When you have distributed (global) communication that is problematic because of its nature and need local communication, try the mobile objects.

Conversely, when you have local communication that is problematic because you need remote (global) configuration or management, try mobile objects.

The preceding is the simplest measure of when you should be using mobile objects. Think of the mobile object runtime environment (MORE) as a locally existent template for global configuration of object communications. Very often you might find yourself in a quandary about how to solve a simple network problem that is easily resolved by the Mobile Object Pattern.

Distributed Computing with Mobile Objects

By Chad Hardin on January 17, 2008 1:33 PM | Permalink | Comments (0) | TrackBacks (0)

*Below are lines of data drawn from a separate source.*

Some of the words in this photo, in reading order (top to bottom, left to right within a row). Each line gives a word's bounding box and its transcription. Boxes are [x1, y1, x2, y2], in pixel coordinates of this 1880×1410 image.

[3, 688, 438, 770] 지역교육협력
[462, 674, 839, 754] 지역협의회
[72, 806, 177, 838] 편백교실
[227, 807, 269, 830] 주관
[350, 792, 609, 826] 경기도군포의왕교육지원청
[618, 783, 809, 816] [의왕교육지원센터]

Lately I've been spending quite a bit of time thinking and researching how Mobile Objects (MOs) can be applied to the distributed computing space. Apart from the complexity of transforming serial algorithms into distributed ones itself there is the problem of distributing the actual code in a manner that is easy to deploy and administer. If, for example, one has a cluster of 100 computers dedicated to performing a distributed operation then one has to ensure that each of those 100 computers has the ability to execute the needed code. Obviously, doing this manually for each of the 100 machines is not practical. What one needs is the ability to easily make the code locatable to each machine in the cluster.

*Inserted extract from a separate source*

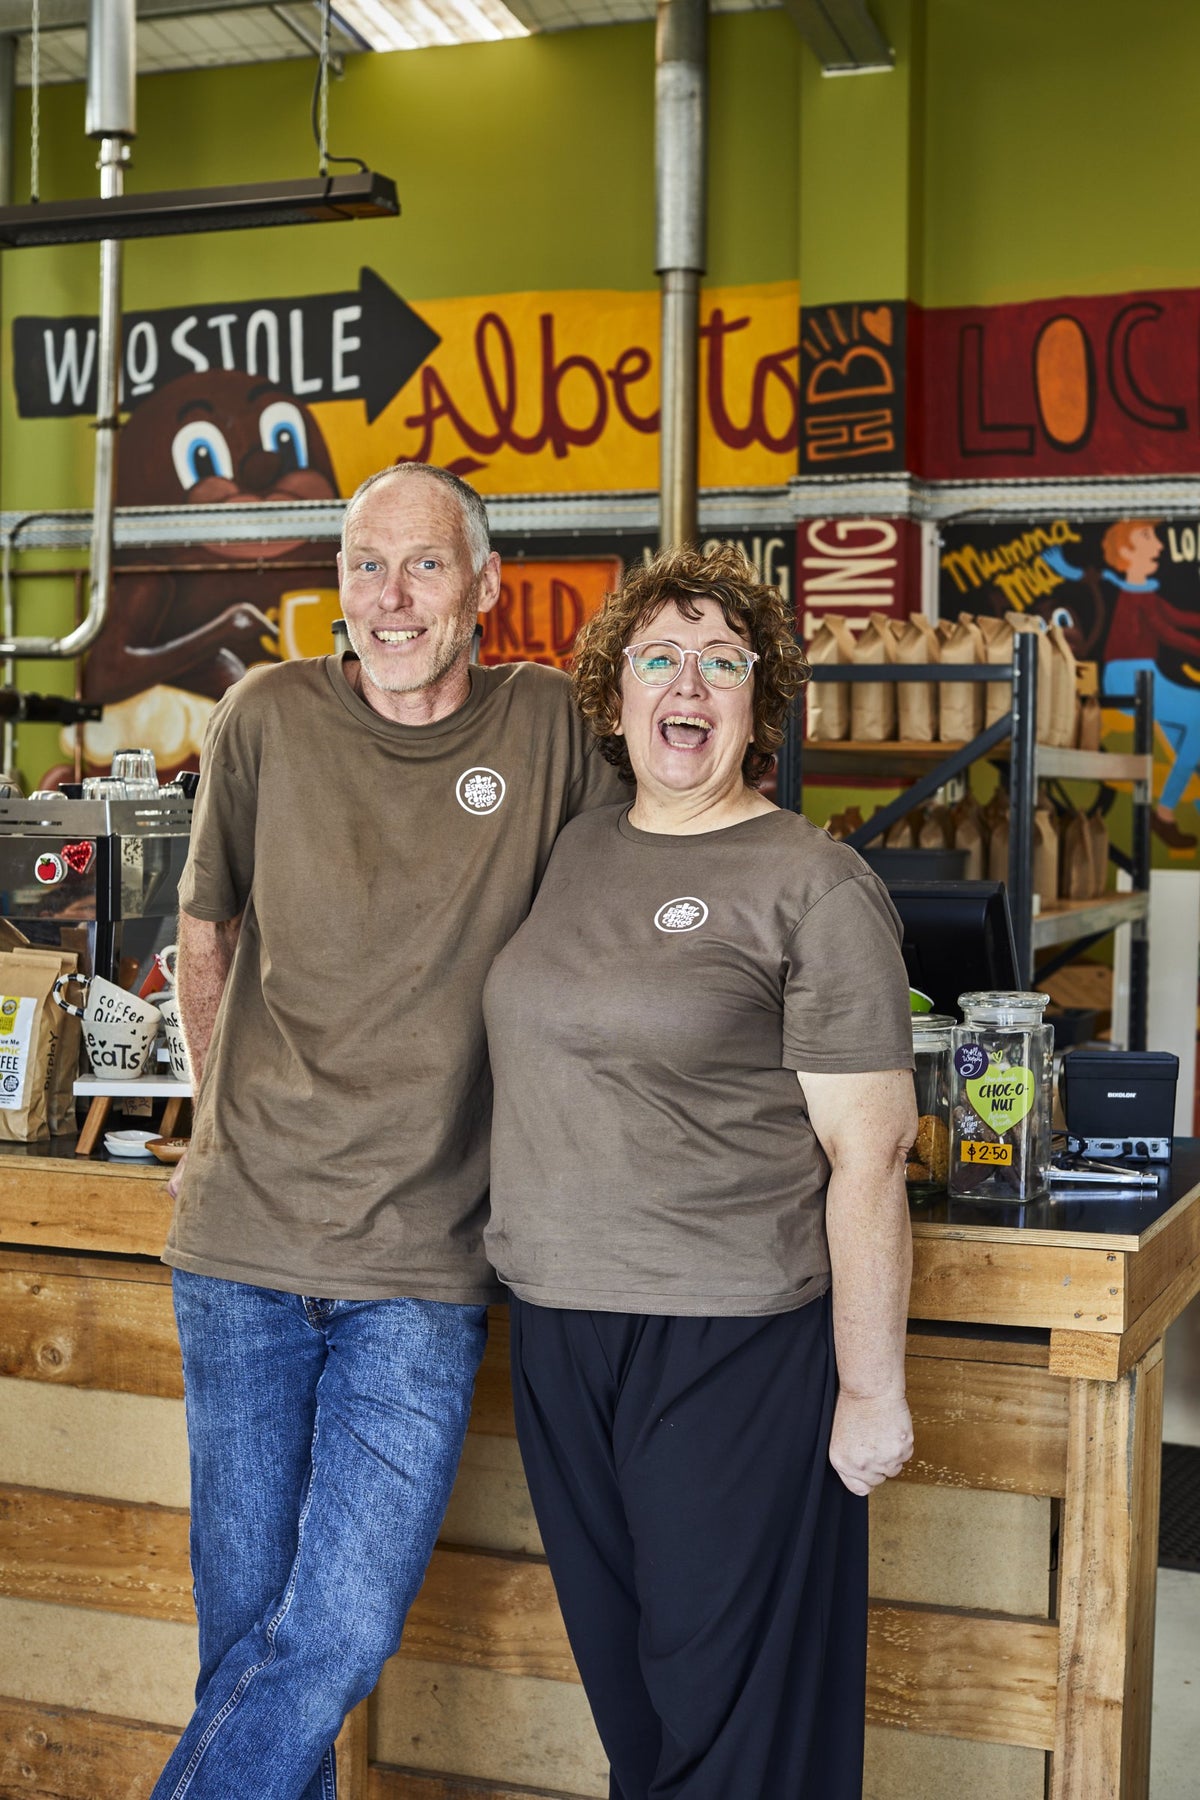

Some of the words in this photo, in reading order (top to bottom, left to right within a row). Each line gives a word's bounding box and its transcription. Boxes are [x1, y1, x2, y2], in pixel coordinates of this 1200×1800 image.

One way to do this is use MOs. In effect, what this would involve is making each computer in the cluster a "blank slate" with no application specific code on them. Installing an operating system and our MO runtime, Kolona, on each computer would enable new code to be dispatched to any (or all) of the machines as needed. Because each machine can perform any computation at any time, the cluster can be used for a variety or purposes as needed. One could even have many types of calculations occurring on the cluster at the same time by moving different type of MOs to different machines in the cluster. So, one day the cluster can be doing graphic rendering and the next day something else...without having to change any of the machines' installed code.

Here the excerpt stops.